« Epi Toué », une baguette locale et à haute valeur environnementale
Caroline et Quentin Pointereau et Bertrand Philippon, céréaliers pionniers de la HVE (haute valeur environnementale), ont créé leur débouché, en lien avec un meunier et une vingtaine de boulangers.
Vous devez vous inscrire pour consulter librement tous les articles.
« Epi Toué », c’est le nom d’une baguette, fabriquée par une vingtaine de boulangeries dans un rayon de 100 km autour de Bourges. Un nom en patois berrichon : « Hé, pis toué » qui signifie « comment vas-tu ? » Et c’est un ancien trader qui se cache derrière.
Après une école d’ingénieur agronome, Quentin Pointereau est embauché par un négoce de coton. La crise financière de 2008 vient de passer, il faut reconstruire l’activité. « Il y avait beaucoup de pression, se souvient l’ancien responsable d’équipe. En 2015 et 2016, nous avons eu deux enfants et avec ma femme Caroline, nous aspirions à quitter Paris. »
Considérés comme une start-up
En 2017, Quentin Pointereau, fils d’agriculteur, s’installe sur une ferme de 146 ha à Lugny-Bourbonnais, dans le Cher. Elle jouxte celle de Bertrand Philippon, son beau-père (424 ha), qui deviendra celle de sa femme Caroline en 2022. Dès le départ, les deux fermes sont menées en assolement en commun. Bertrand Philippon est alors en pleine réflexion sur ses pratiques : depuis les années 2000, les rendements des céréales diminuent. Il introduit des cultures de printemps et la multiplication de semences.
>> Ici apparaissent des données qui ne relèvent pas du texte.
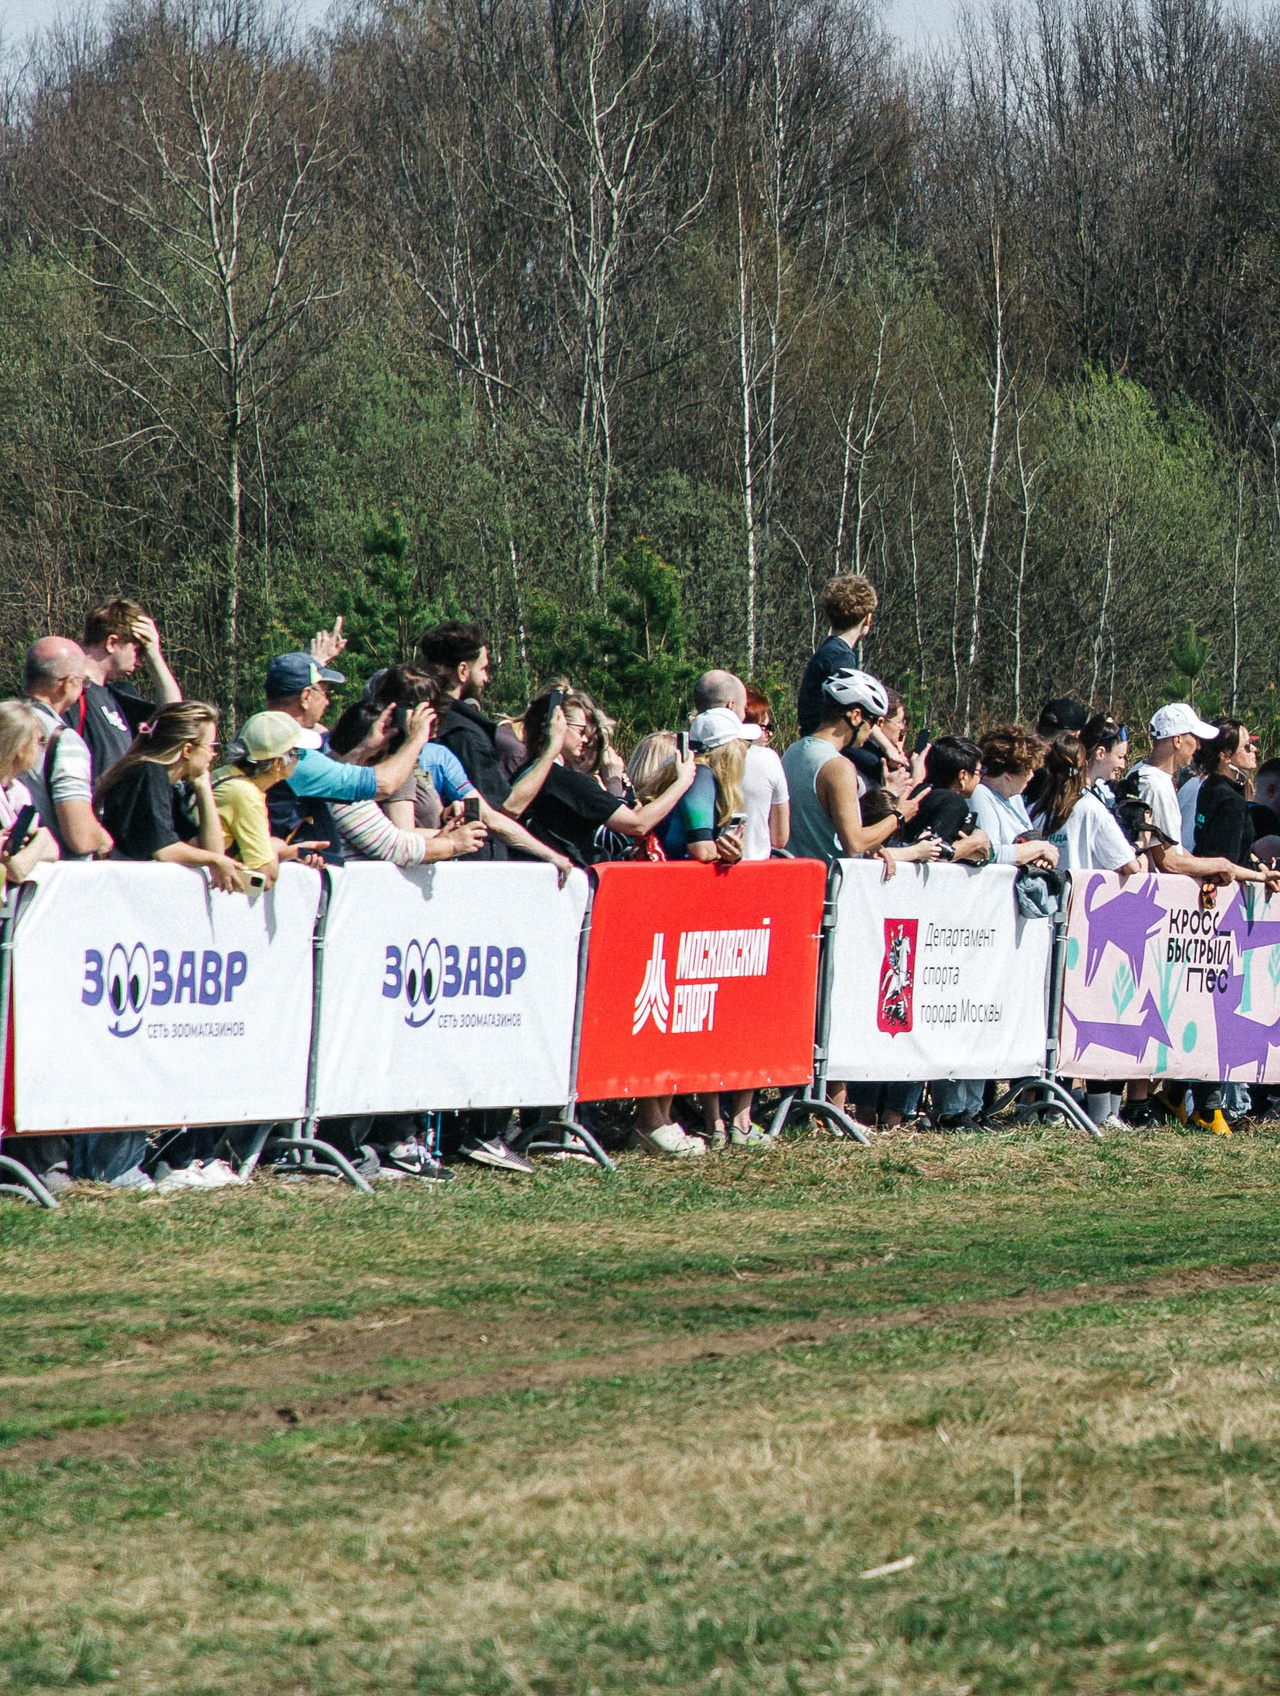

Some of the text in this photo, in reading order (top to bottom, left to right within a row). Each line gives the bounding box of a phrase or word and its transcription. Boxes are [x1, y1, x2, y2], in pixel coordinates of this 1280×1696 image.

[1168, 908, 1220, 936] КРОСС
[675, 917, 771, 980] МОСКОВСКИЙ
[925, 922, 996, 954] Департамент
[923, 966, 960, 992] спорта
[438, 1012, 522, 1029] СЕТЬ ЗООМАГАЗИНОВ
[671, 983, 719, 1033] СПОРТ
[920, 999, 1003, 1029] города Москвы
[147, 1021, 245, 1039] СЕТЬ ЗООМАГАЗИНОВ
Avec une douzaine de cultures, la ferme de Lugny devient ferme pilote de la FDGeda (1), une association de recherche, d’expérimentation et de conseil en grandes cultures dans le Cher. Les cultures sous contrat, très techniques, assurent une meilleure rentabilité et donnent de la visibilité. « Ce n’est pas parce que j’ai été trader que j’ai une baguette magique pour augmenter le prix du blé ! Les cultures sous contrat sont une façon de mieux gérer les risques », ajoute Quentin Pointereau, devenu président de la FDGeda. Dans leur élan, les agriculteurs passent progressivement en sans labour.
Agronomiquement et économiquement, les fermes semblent avoir trouvé leur rythme de croisière. Pourtant, il manque un ingrédient : la reconnaissance du travail bien fait. En 2019, Quentin entend parler du label HVE (Haute valeur environnementale). À l’époque, cette certification est connue chez les viticulteurs, mais peu en grandes cultures. Les deux exploitations céréalières de Lugny sont parmi les premières à l’obtenir (2). Mais à quoi bon ? Le marché ne reconnaît pas encore ce label.
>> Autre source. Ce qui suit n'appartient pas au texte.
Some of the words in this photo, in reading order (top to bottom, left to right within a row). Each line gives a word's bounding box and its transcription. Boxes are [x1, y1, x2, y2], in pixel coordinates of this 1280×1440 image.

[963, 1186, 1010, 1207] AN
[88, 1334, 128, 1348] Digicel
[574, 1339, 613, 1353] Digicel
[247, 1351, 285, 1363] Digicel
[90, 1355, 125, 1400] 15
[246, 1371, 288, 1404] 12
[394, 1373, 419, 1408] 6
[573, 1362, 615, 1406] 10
Après avoir posé le logo HVE à l’entrée des fermes, les exploitants démarchent des moulins pour valoriser leur blé. Leur idée : créer une baguette avec de la farine HVE produite localement. Ils font affaire avec le moulin de Chappe, à Bourges. Leur projet est repéré par la cellule d’accélération « Georgia », mise en place par les chambres consulaires. « Cela nous a bien aidé à structurer notre projet. Nous étions considérés comme une start-up », indique Quentin.
Budget de communication
En quelques mois, les tests de meunerie sont réalisés, le stockage à la ferme est modernisé, les premiers camions de céréales sont livrés et une agence de communication développe la marque. En septembre 2020, sept boulangers lancent l’Epi Toué. « Je suis convaincu qu’investir dans notre image, c’est investir dans la rentabilité », souligne le producteur de 37 ans. Depuis le lancement, le budget de communication avoisine les 30 000 euros, en partie soutenu par la Région Centre. La plus-value sur le blé vendu via cette filière évolue entre 0 et 15 % par rapport au marché du blé.
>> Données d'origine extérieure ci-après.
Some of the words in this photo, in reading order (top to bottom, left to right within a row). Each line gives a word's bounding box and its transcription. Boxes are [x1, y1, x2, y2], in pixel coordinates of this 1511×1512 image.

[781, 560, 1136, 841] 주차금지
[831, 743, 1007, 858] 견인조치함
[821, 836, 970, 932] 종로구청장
« Nous avons eu la chance de nous lancer l’année du Covid, quand l’alimentation saine et locale est revenue en force. Cela nous a permis d’asseoir notre réputation, avant la guerre en Ukraine et l’inflation des charges qui ont chahuté nos marges. Il faut du temps pour être reconnu du grand public, surtout dans l’environnement ultra-concurrentiel qu’est la meunerie », conclut Quentin, qui valorise un quart de la production de blé (de 250 à 300 t/an) en farine Epi Toué.
(1) Fédération départementale des groupes d’études et de développement agricole. (2) En 2024, obtention de la HVE de quatrième génération.